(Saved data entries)
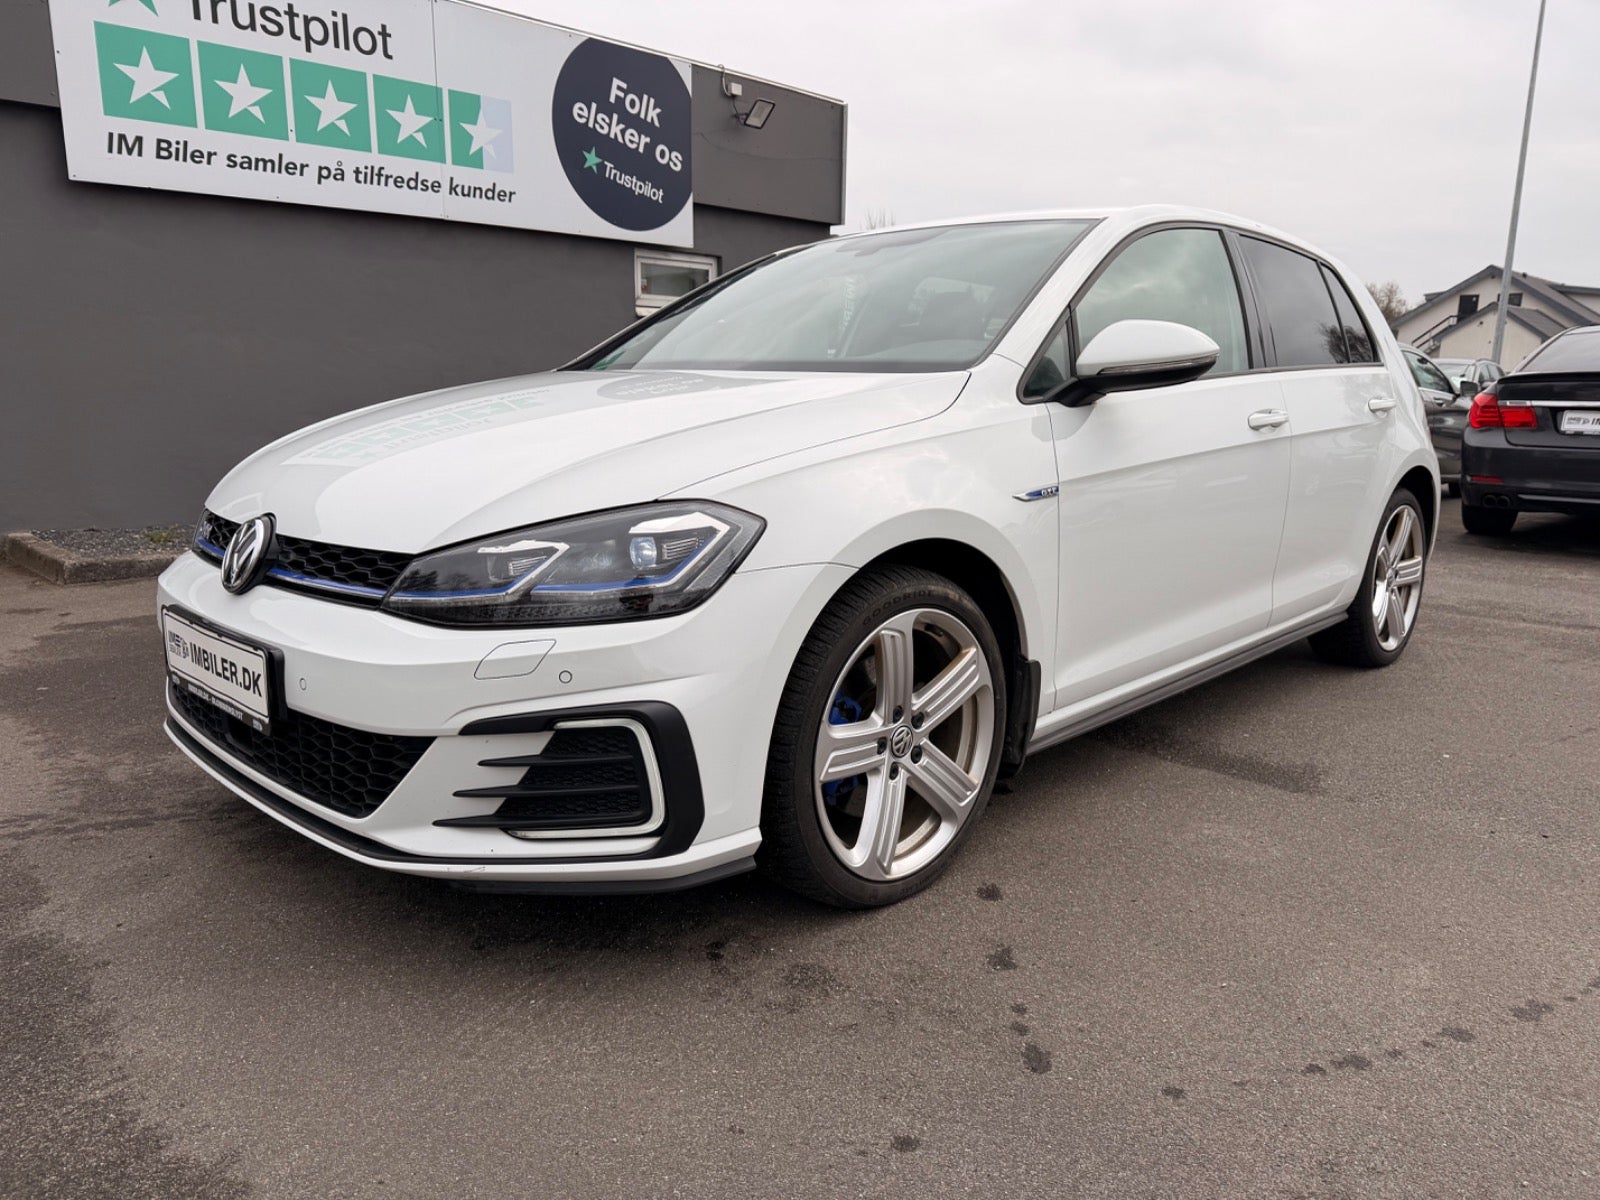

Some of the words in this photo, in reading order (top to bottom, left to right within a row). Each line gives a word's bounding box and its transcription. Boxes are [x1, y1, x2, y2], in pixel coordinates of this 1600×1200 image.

[608, 76, 662, 128] Folk
[572, 101, 651, 154] elsker
[654, 143, 683, 172] os
[106, 131, 144, 158] IM
[155, 137, 218, 166] Biler
[225, 153, 310, 177] samler
[317, 160, 346, 185] på
[352, 164, 442, 194] tilfredse
[448, 176, 517, 203] kunder
[603, 160, 665, 204] Trustpilot
[189, 641, 263, 698] IMBILER.DK

▸ What to work on
Produce a verbatim copy of all records, minus pictures.

▸ Your response
Some of the words in this photo, in reading order (top to bottom, left to right within a row). Each line gives a word's bounding box and its transcription. Boxes are [x1, y1, x2, y2], in pixel coordinates of this 1600×1200 image.

[608, 76, 662, 128] Folk
[572, 101, 651, 154] elsker
[654, 143, 683, 172] os
[106, 131, 144, 158] IM
[155, 137, 218, 166] Biler
[225, 153, 310, 177] samler
[317, 160, 346, 185] på
[352, 164, 442, 194] tilfredse
[448, 176, 517, 203] kunder
[603, 160, 665, 204] Trustpilot
[189, 641, 263, 698] IMBILER.DK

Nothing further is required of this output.